Public digital infrastructure has put India on the fast track of tech-driven growth


“Government 2.0, then, is the use of technology – especially the collaborative technologies at the heart of Web 2.0 – to better solve collective problems at city, state, national and international levels,” Tim O’Reilly, CEO of O’Reilly Media said in an article published in 2010. This article is considered to be the origin of the term “government as a platform”, a concept which was later popularized as public digital infrastructure. In later technology writing, the terms public digital assets as well as goods have also been used to describe governments using technology at scale to improve governance outcomes.

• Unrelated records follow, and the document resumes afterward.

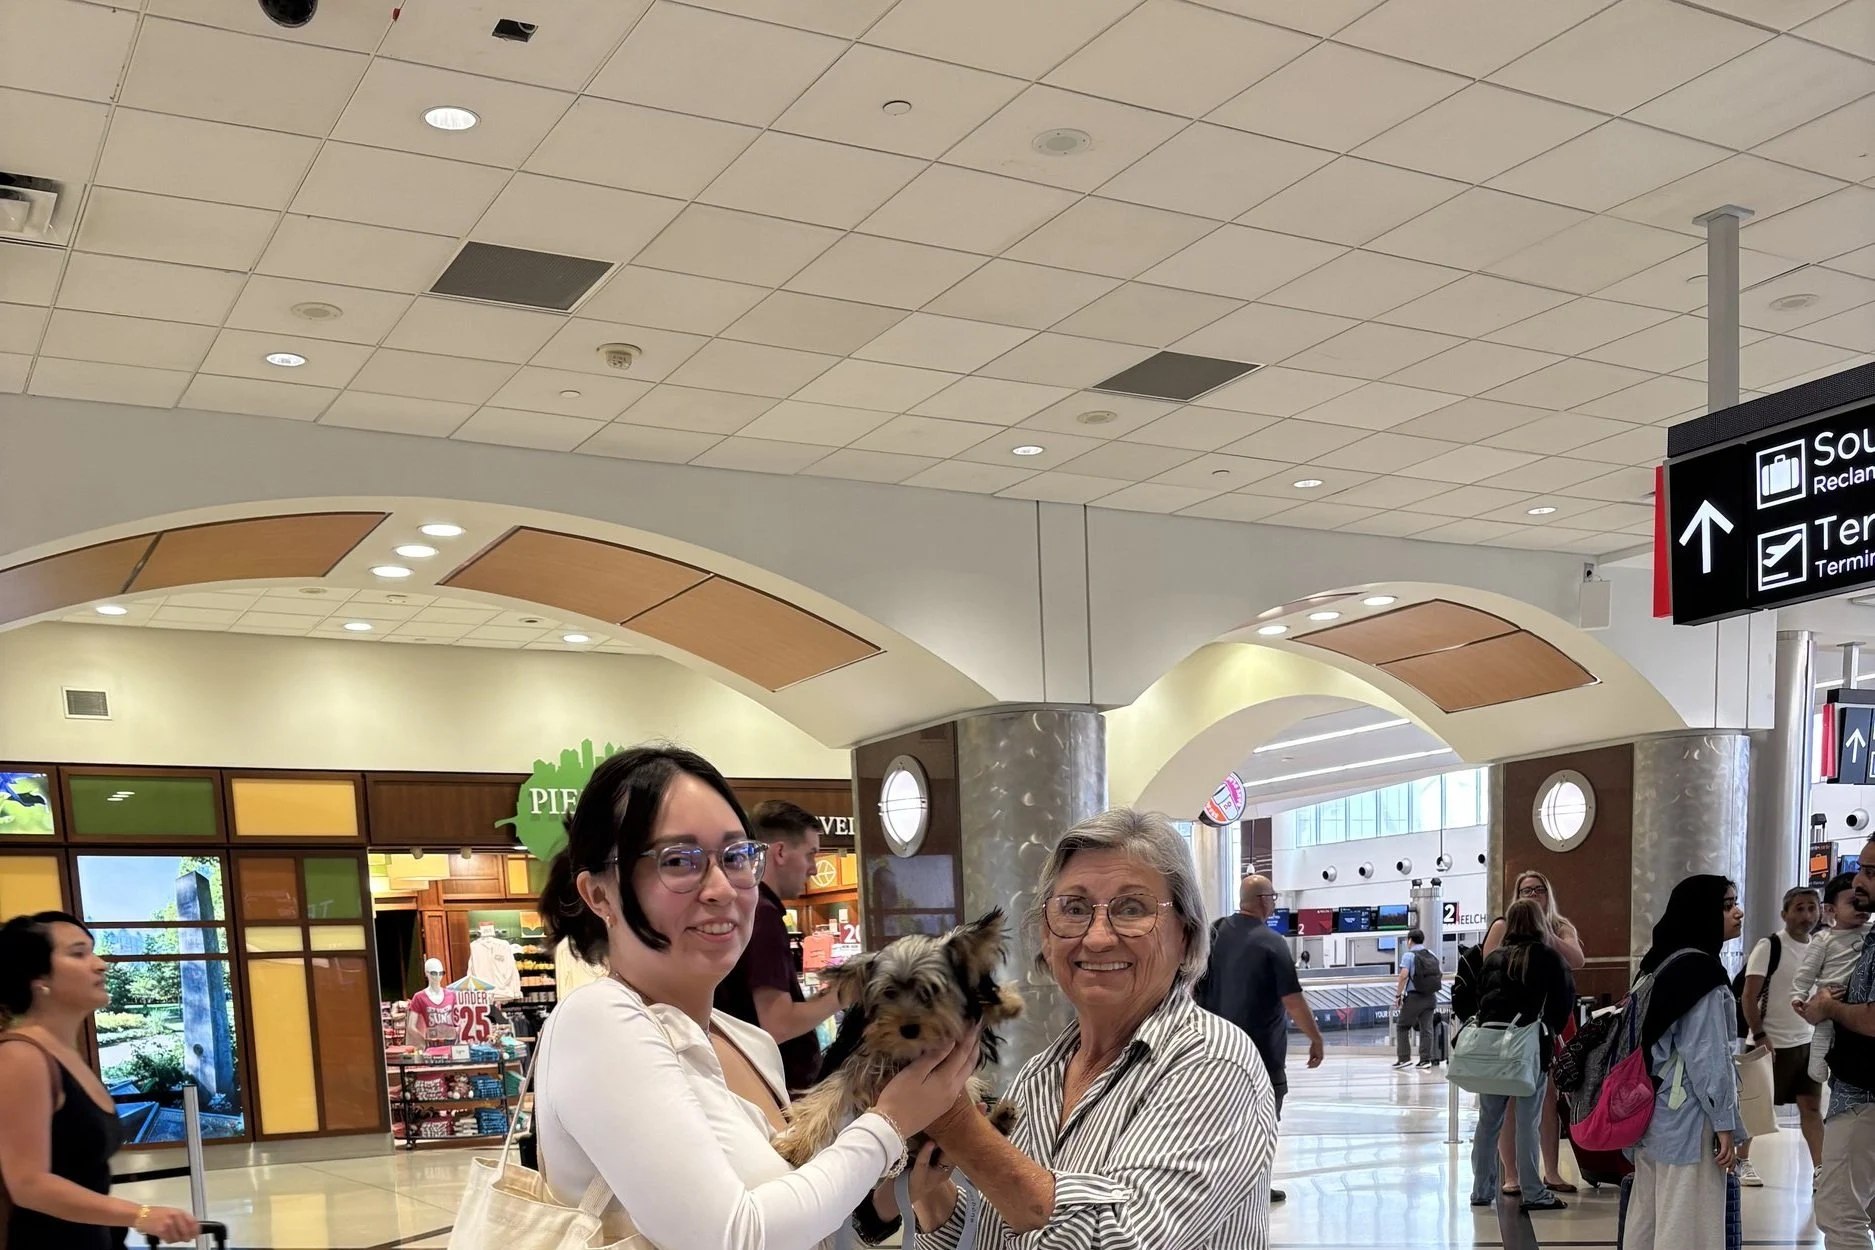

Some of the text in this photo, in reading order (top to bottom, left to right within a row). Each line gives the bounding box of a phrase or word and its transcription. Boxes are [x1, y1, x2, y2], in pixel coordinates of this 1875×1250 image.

[1814, 428, 1875, 466] Sou
[1814, 514, 1875, 550] Ter
[529, 787, 583, 814] PIE
[1443, 904, 1455, 923] 2
[1459, 914, 1487, 925] EELCH
[1298, 923, 1305, 935] 2
[457, 991, 488, 1005] UNDER
[453, 1006, 490, 1042] $25
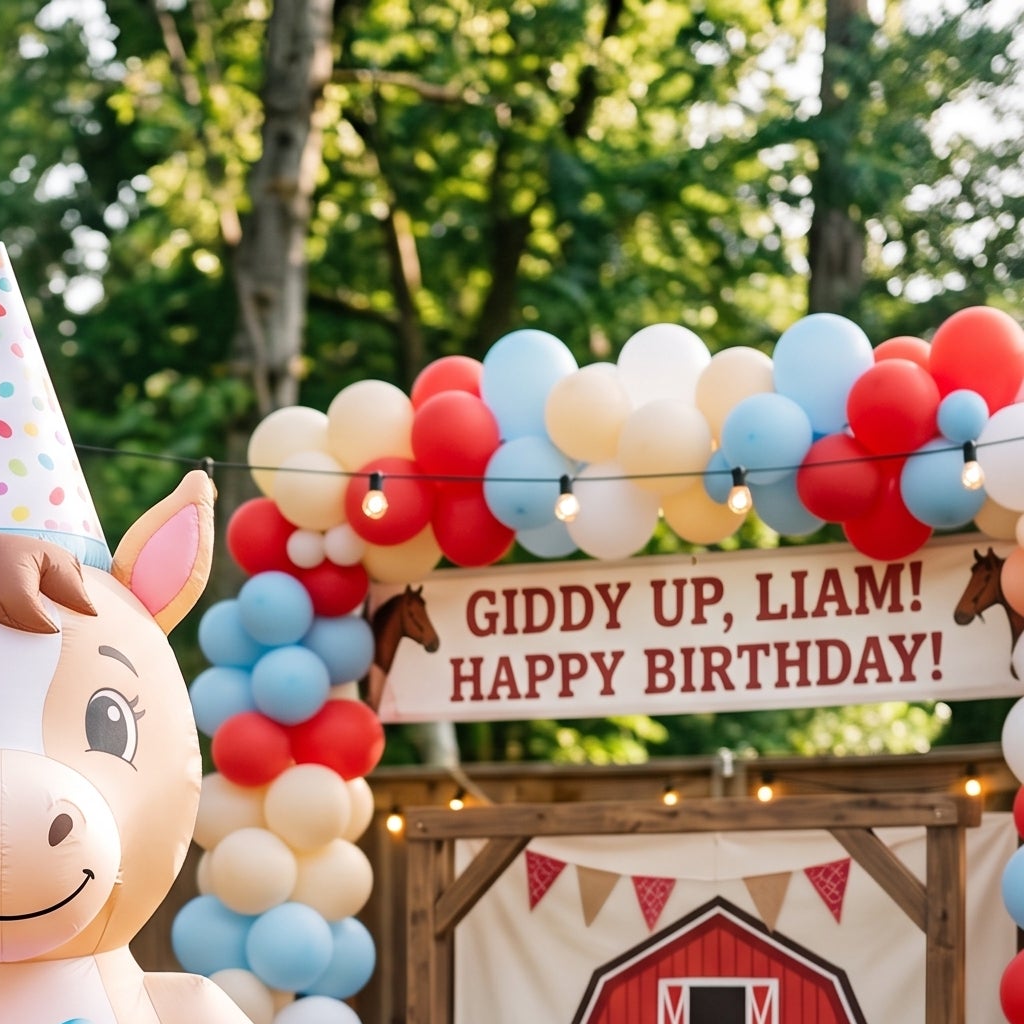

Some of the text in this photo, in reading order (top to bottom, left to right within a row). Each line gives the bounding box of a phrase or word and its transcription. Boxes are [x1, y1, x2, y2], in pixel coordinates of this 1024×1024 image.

[465, 560, 924, 638] GIDDY UP, LIAM!
[449, 631, 944, 702] HAPPY BIRTHDAY!

India’s push for public digital infrastructure began in August 2014. In his first speech from the ramparts of the Red Fort in New Delhi, Prime Minister Narendra Modi said digital infrastructure was key to empowering the citizens. The first such infrastructure program on financial inclusion named Jan Dhan Yojana was also launched through this speech.

As mobile phones permeated society, India went from being a connectivity-starved country to having the highest per capita data consumption and one of the lowest rates of mobile data per gigabyte in the world. At the same time, public service delivery has expanded through the use of Aadhaar, the 12-digit biometric identity assigned to every resident Indian. Eventually, the runaway success of this Jan Dhan-Aadhaar-Mobile (JAM) trinity paved the way for nationwide adoption of the concept of public digital infrastructure.

Today, India is leading the deployment of public digital infrastructure across a range of sectors to create reliable, low-cost and high-volume transactions for citizens. Digital India also attracts a large number of Indians to various technology platforms and then encourages innovation from the private sector to build on these platforms using application programming interfaces.

FinTech is the most recognized area of ​​this deployment of public digital infrastructure. In 2021, India accounted for over 40% of all global real-time payment transactions. In fiscal year 2021-22, payments through the Unified Payments Interface (UPI) exceeded $1 trillion in value. In April 2022, at the start of the new fiscal year, UPI payments soared to 5.5 billion transactions and over $127 billion in value. UPI didn’t exist until April 2016 – this big leap happened in just six years.

India’s Co-WIN or Winning Against COVID-19 platform has formed the backbone of the country’s vaccination against the virus that has ravaged the world. India is close to completing 2 billion doses of the vaccine, using a common technological infrastructure to standardize, schedule, track, trace and validate vaccinations.

Under the Ayushman Bharat Digital Mission, India is working to create personal health records for all citizens using consumer technology to facilitate downloading and retrieval of this vital information. The ABHA app allows users to maintain and manage their health information in a private, secure and confidential environment. This app also allows authorized individuals to maintain health records on behalf of others, opening up the possibility for every family to eventually adopt it, even as the digital literacy and accessibility divide closes over time. time.

The One Nation, One Ration Card program greatly benefits those dependent on government food security programs. Ration cards have effectively become portable and allow the beneficiary of the food security program to access and claim their entitlements anywhere in the country based on biometric authentication.

India’s Goods and Services Tax launched in July 2017 is another example of how a national platform can be leveraged for hitherto unimagined applications. As small business billing data accumulates, these businesses will have more options to leverage flow-based lending. This is a new mode of financial inclusion, where new layers of public goods like the account aggregator framework will also play a key role.

The latest addition to India’s public digital infrastructure arsenal is the Open Network for Digital Commerce (ONDC). This platform envisions equal opportunity participation in a booming national e-commerce market. This market has traditionally been dominated by a few large companies, which often fall under the worldwide regulatory scanner for monopolistic business practices.

ONDC, on the other hand, would allow small traders to find new markets, improving their discoverability without having to pay big cuts to aggregation platforms. Early reports have been encouraging, with several major players planning to join the government’s initiative to bring more fairness and transparency to the digital commerce sector.

These digital platforms are also becoming an avenue for a new kind of global diplomacy. Indian RuPay cards and UPI payments are making their way to the international market. The Co-WIN platform has also been offered by India to interested countries.

India’s experience with public digitization underscores the need for targeted government interventions to reduce friction and lay the groundwork for the private and public sectors to create an effective solution. This public digital infrastructure has been highly contextual to Indian needs, designed for a diverse society with a broad continuum of digital skills and to address specific local issues.

India’s technology journey on the productivity J-curve is just beginning to take shape. Public service delivery promises to transform with the vertical and horizontal growth of public digital infrastructure mediation.

Aashish Chandorkar is Counselor at the Permanent Mission of India to the World Trade Organization in Geneva. The opinions expressed in this article are those of the author and do not represent the position of this publication.